Of course they would, after all, the elites crimes are desired by the state, as they can be used as leverage to force pro-leviathan votes. We wouldn't want to do anything that would keep them from performing those needed crimes now would we? :mad:

GunnyFreedom
01-10-2010, 02:22 AM
Yeah, I bet Bin Laden now has high speed broadband in his cave in Afghanistan... or Yemen... or whichever country he's moved into [aka "the US wants to bomb"] nowadays.

< / scepticism >

Well, they've started launching drone coverage over RPF's HQ in Houston...

GunnyFreedom
01-10-2010, 02:30 AM
Thanks for letting me know. :(
All i heard is that Obama is letting us play war games with you again. We were banned from playing with you after our people rose up and demanded that NZ be nuclear free. You stopped our war-games and major trade in retribution.

Well, I guess we now know why Obama is willing to do business with NZ again -- it looks like the criminals and tyrants who have seized control of the US Government are turning NZ into the experimental model for the unobtrusive police state. :( I guess Obama figures if y'all help us figure out how to establish ubiquitous monitoring of the population without engendering the torches and the pitchforks, the demons will let you back into the power-games.

If it's any consolation, y'all still have the best movie backdrops, and the most attractive accents on earth. :(

Folks, we've gotta put a frelling STOP to this crap! :mad: :mad: :mad:

raiha
01-10-2010, 02:48 AM
Glad you like our accents, nobody else can understand us. We mumble apparently. Not when we rise up though.:D
Our prime minister, John Key, is a good friend of the banksters:


In 1995, he joined Merrill Lynch as head of Asian foreign exchange in Singapore.
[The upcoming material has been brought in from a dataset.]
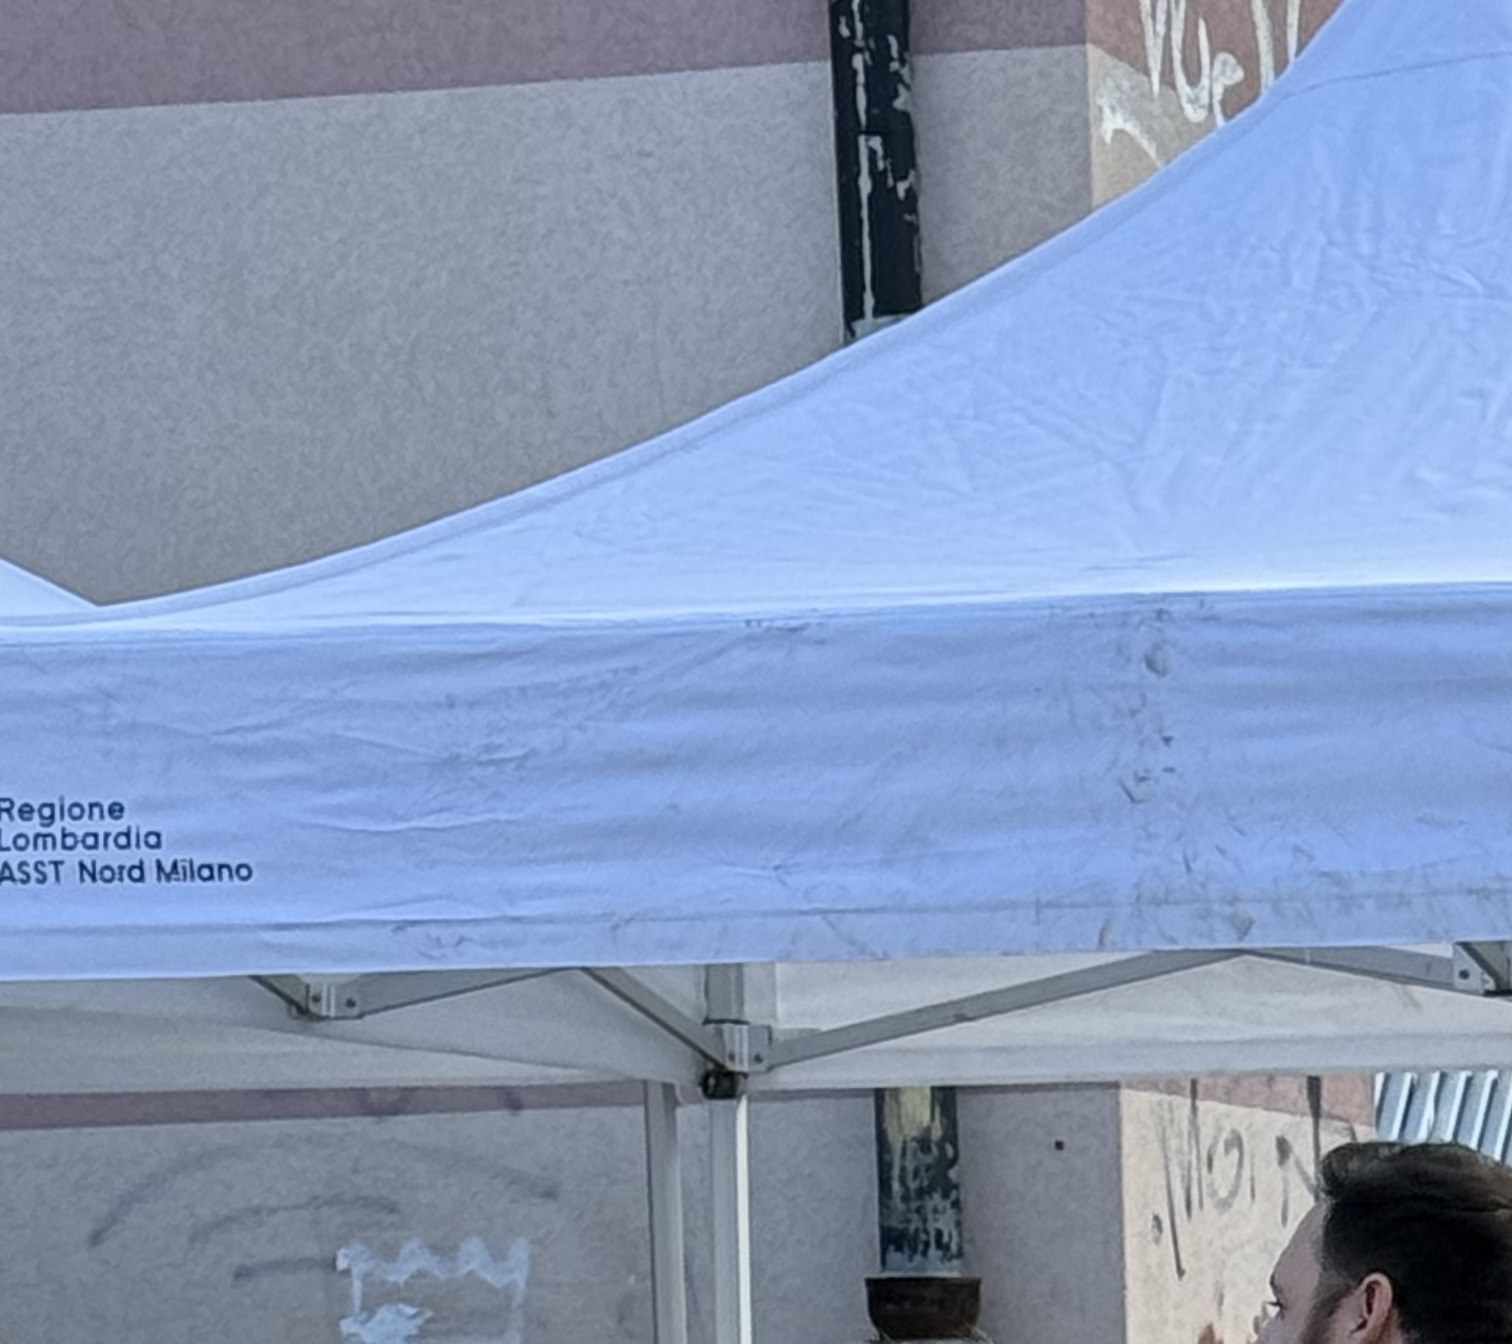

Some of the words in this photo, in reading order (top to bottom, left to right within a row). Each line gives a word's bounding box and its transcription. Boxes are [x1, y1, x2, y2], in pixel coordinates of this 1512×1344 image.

That same year he was promoted to Merrill's global head of foreign exchange, based in London, where he may have earned around US$2.25 million a year including bonuses, which is about NZ$5 million at 2001 exchange rates.[3][8] Some co-workers called him "the smiling assassin" for maintaining his usual cheerfulness while sacking dozens (some say hundreds) of staff after heavy losses from the 1998 Russian financial crisis.[4][8] He was a member of the Foreign Exchange Committee of the New York Federal Reserve Bank from 1999 to 2001.[9] After which he started his political career.
And he is allowing all this surveillance crap to go down surreptitiously...

TotalLiberty
01-10-2010, 10:34 AM
Great, NZ is turning into a police state too, not that it was free before, but they've had bouts with smaller government in the past.